What the exercise asks: Reproduce, with no edits, the line that contains "this 1280×1920 image." and all the lines that follow it, ending with the last line of the records.

== Segment start ==

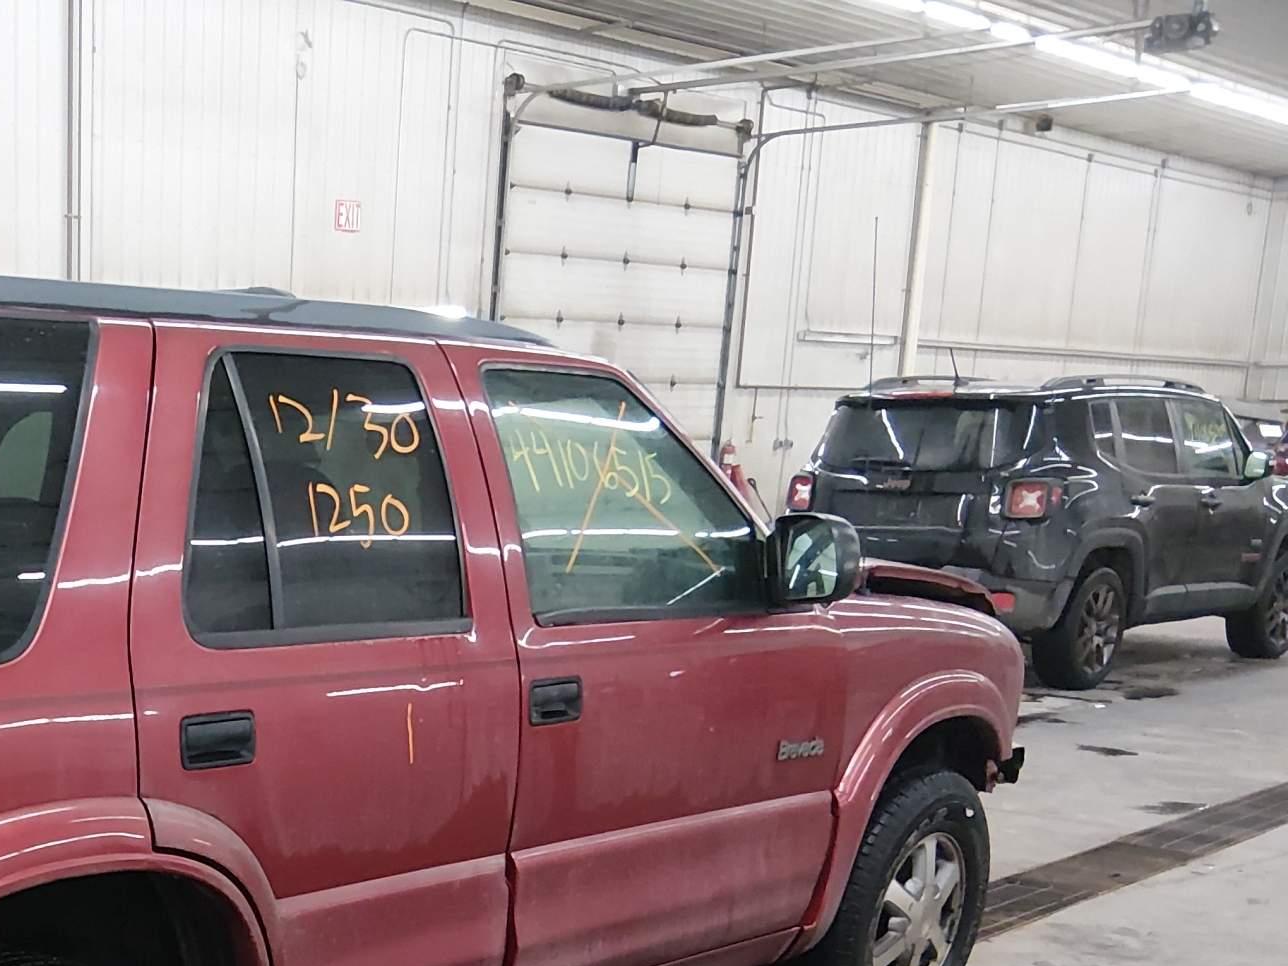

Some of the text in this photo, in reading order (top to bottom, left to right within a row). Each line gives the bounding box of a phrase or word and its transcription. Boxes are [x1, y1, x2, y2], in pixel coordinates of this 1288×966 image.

[337, 202, 361, 229] EXIT
[512, 428, 673, 505] 44106515
[307, 480, 411, 550] 1250
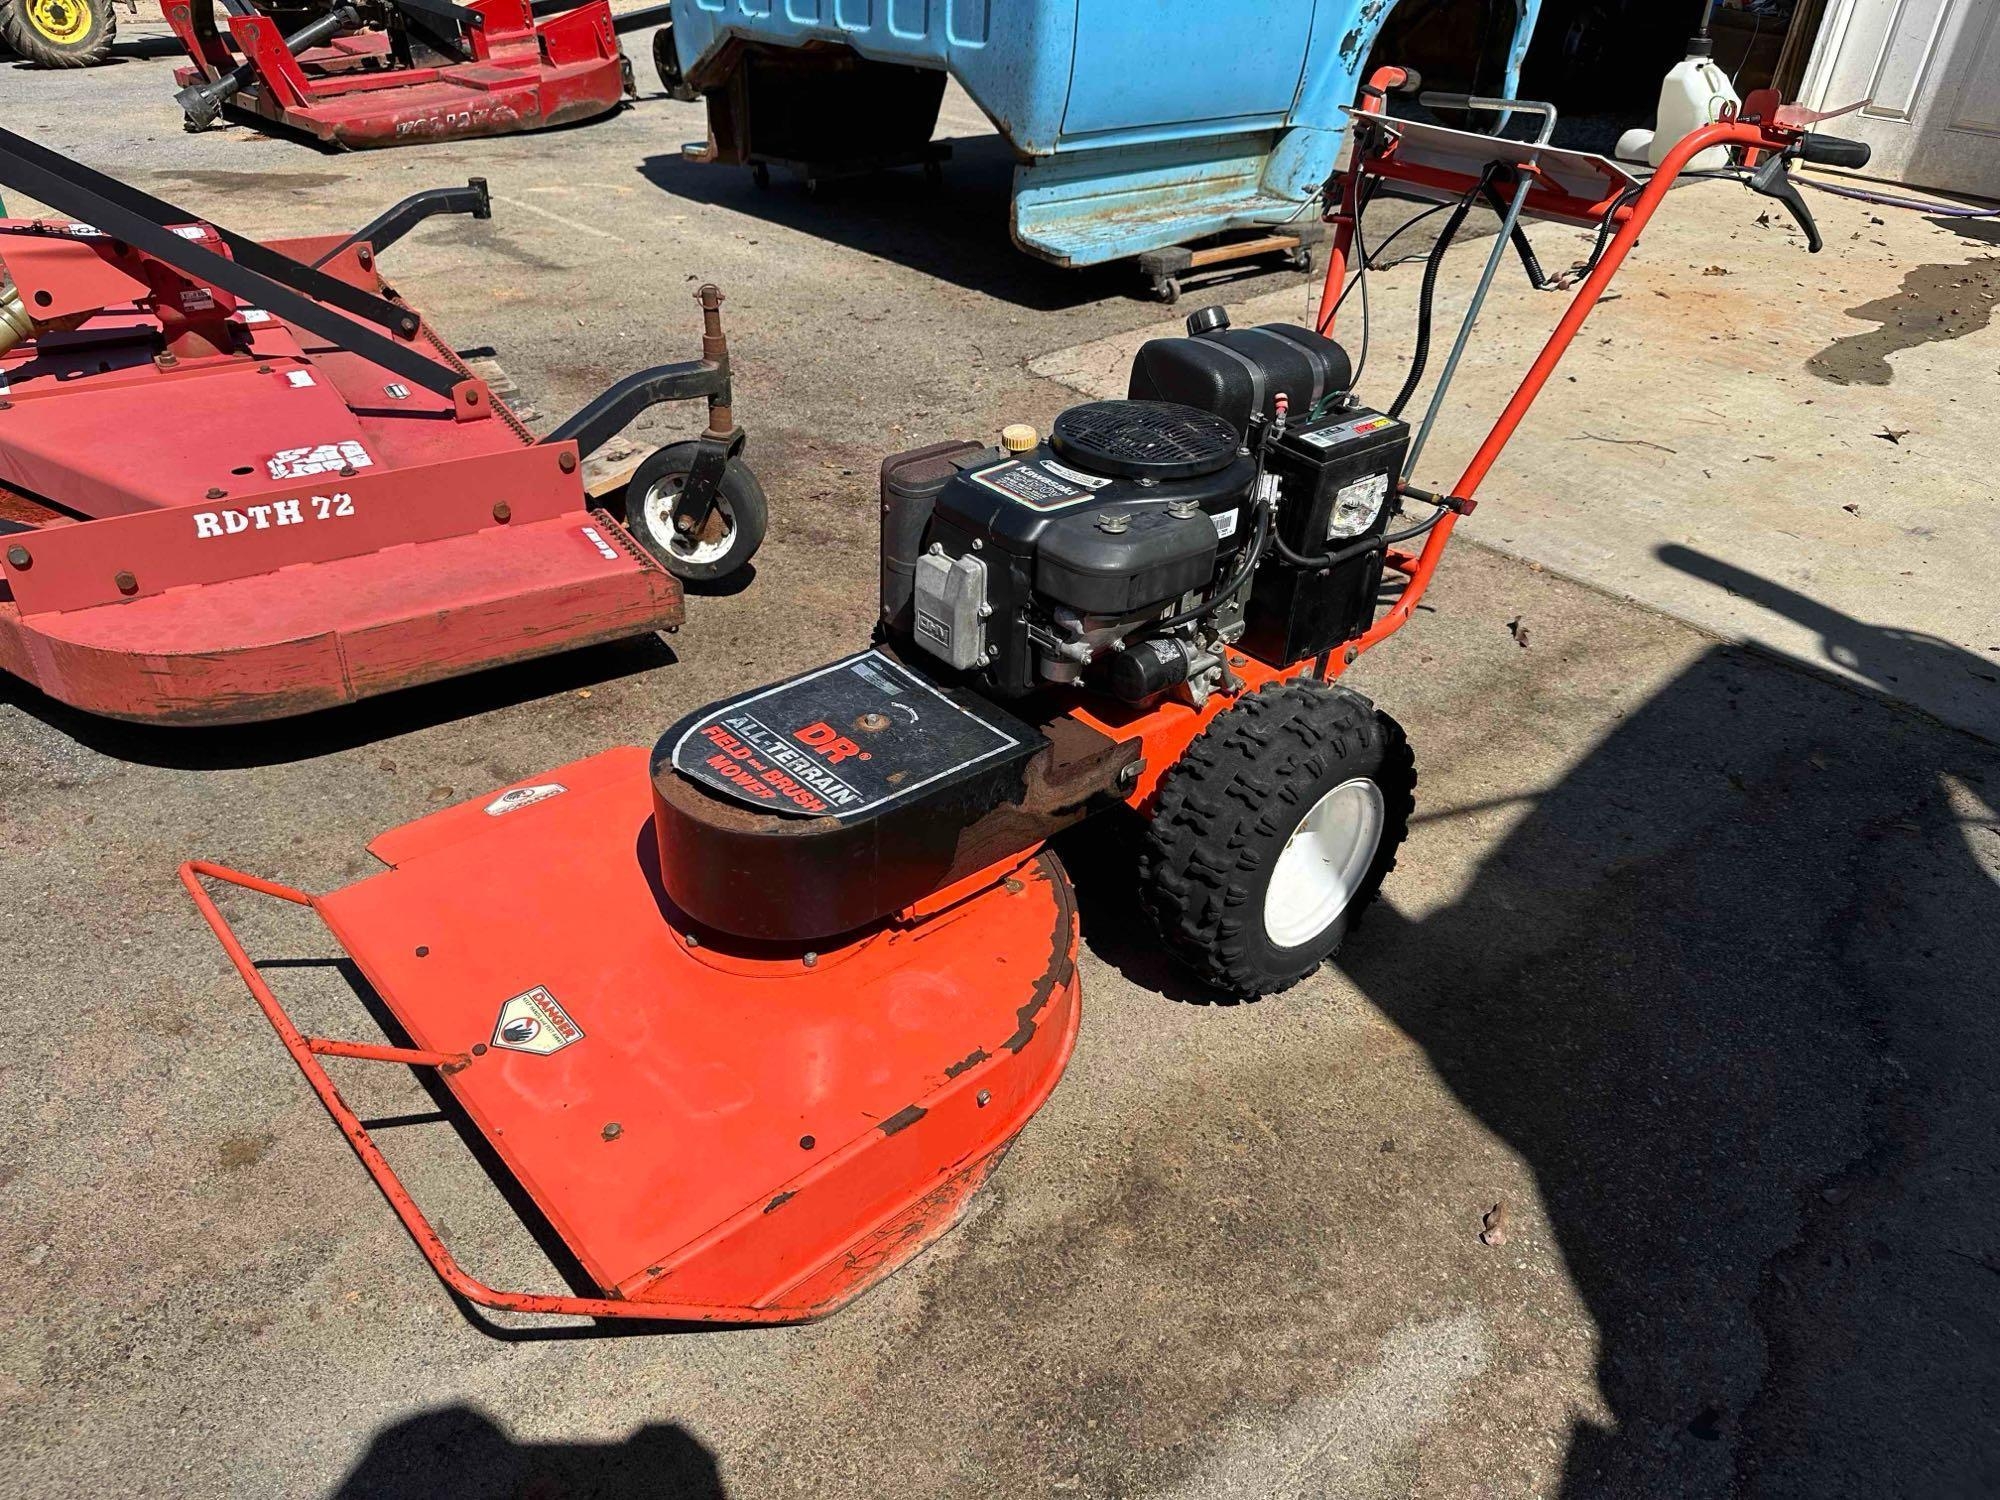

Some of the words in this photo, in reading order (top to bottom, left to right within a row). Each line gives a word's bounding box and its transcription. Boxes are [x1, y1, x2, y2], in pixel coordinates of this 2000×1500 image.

[1015, 465, 1079, 496] Kawasaki
[193, 499, 304, 538] RDTH
[311, 493, 355, 520] 72
[701, 725, 755, 761] FIELD
[748, 757, 768, 772] and
[761, 769, 829, 813] BRUSH
[706, 754, 778, 801] MOWER
[532, 991, 576, 1039] DANGER
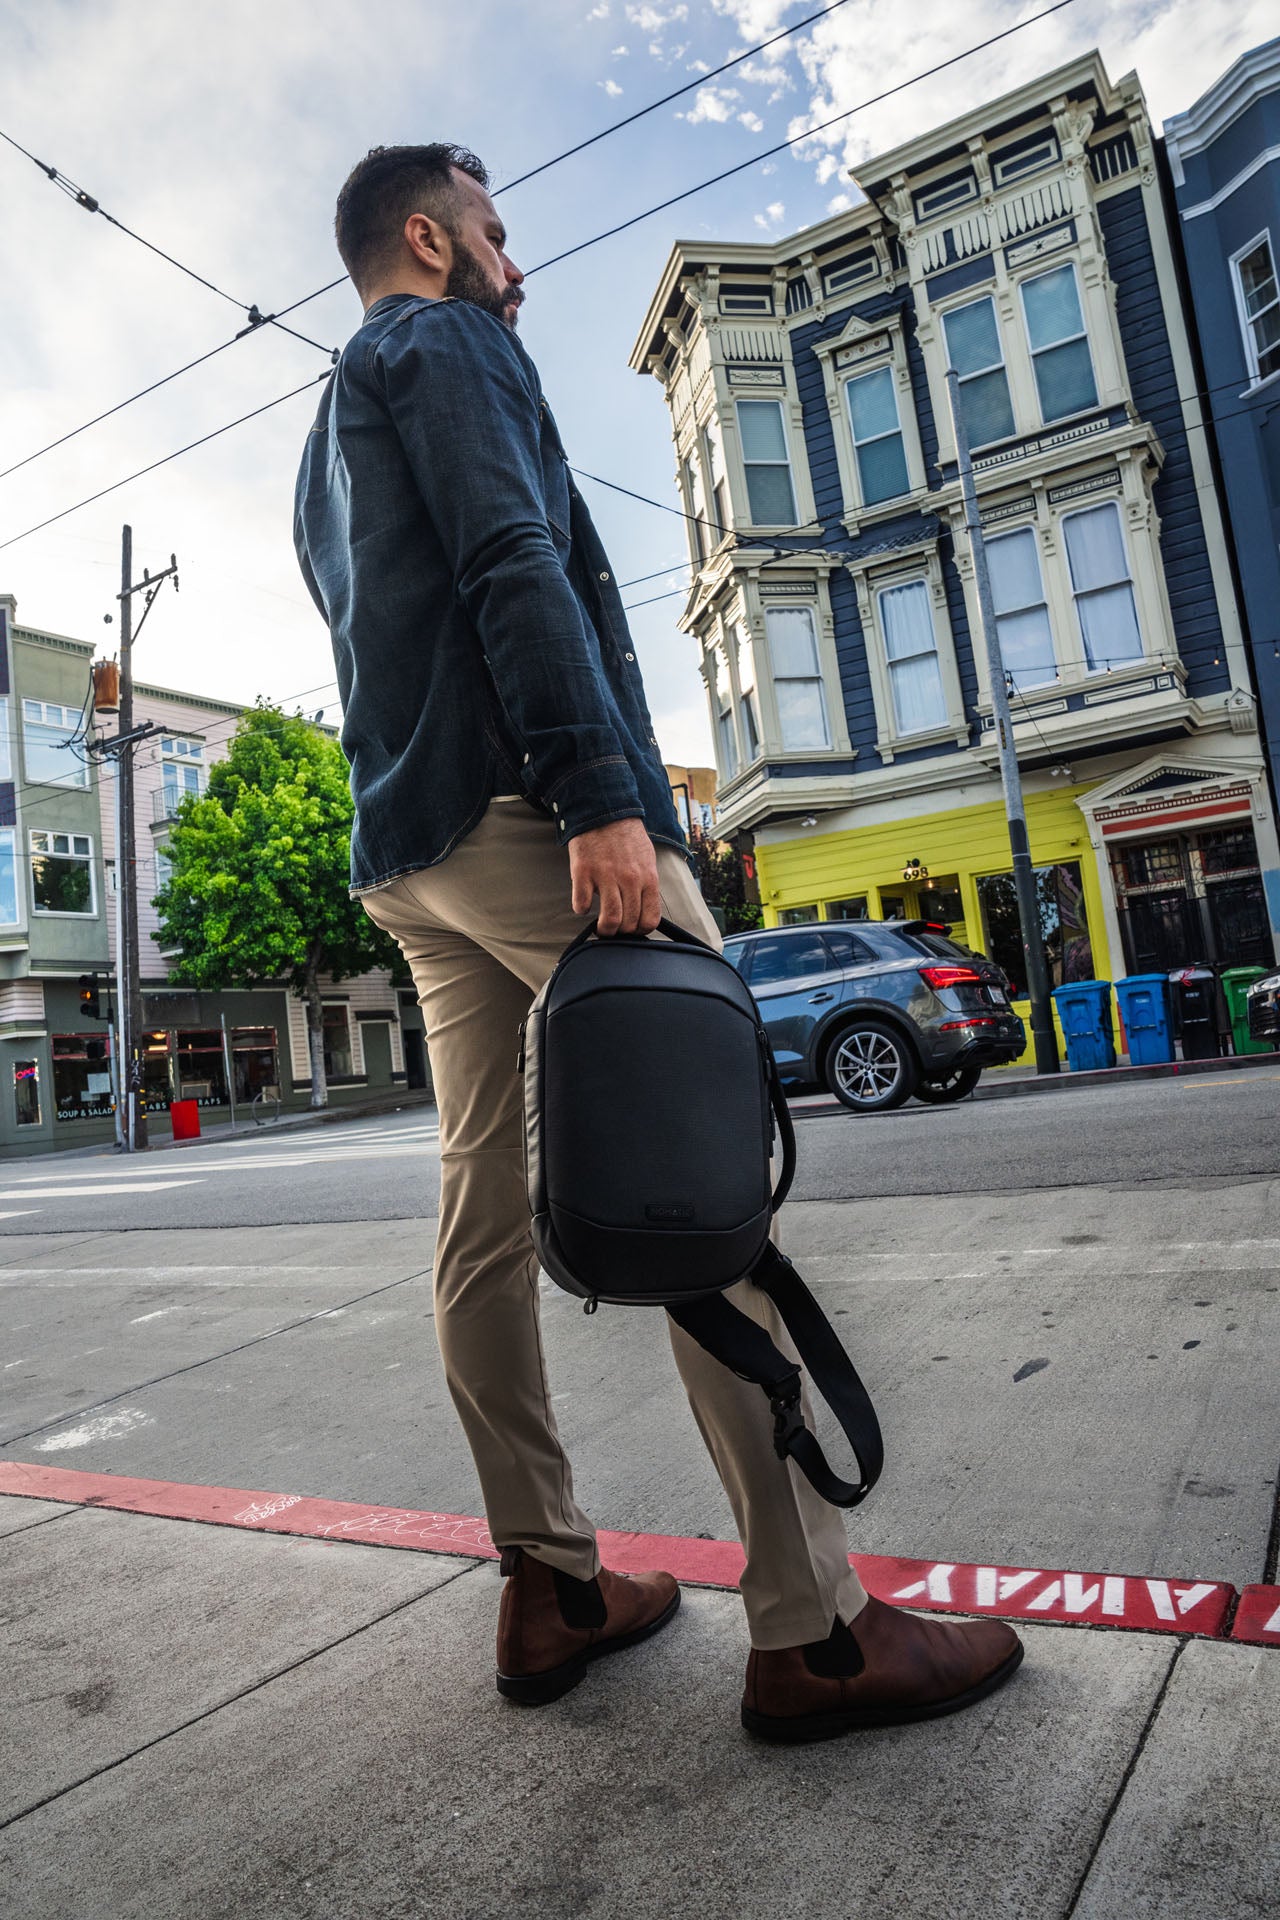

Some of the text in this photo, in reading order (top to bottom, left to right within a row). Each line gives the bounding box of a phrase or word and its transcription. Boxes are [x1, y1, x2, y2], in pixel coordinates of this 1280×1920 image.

[903, 867, 928, 880] 698
[145, 1102, 167, 1111] ABS
[198, 1097, 221, 1106] RAPS
[57, 1110, 79, 1119] SOUP
[80, 1109, 86, 1117] &
[893, 1563, 1218, 1621] AWAY

== Segment end ==

Response below:
Some of the text in this photo, in reading order (top to bottom, left to right within a row). Each line gives the bounding box of a phrase or word and its transcription. Boxes are [x1, y1, x2, y2], in pixel coordinates of this 1280×1920 image.

[903, 867, 928, 880] 698
[145, 1102, 167, 1111] ABS
[198, 1097, 221, 1106] RAPS
[57, 1110, 79, 1119] SOUP
[80, 1109, 86, 1117] &
[893, 1563, 1218, 1621] AWAY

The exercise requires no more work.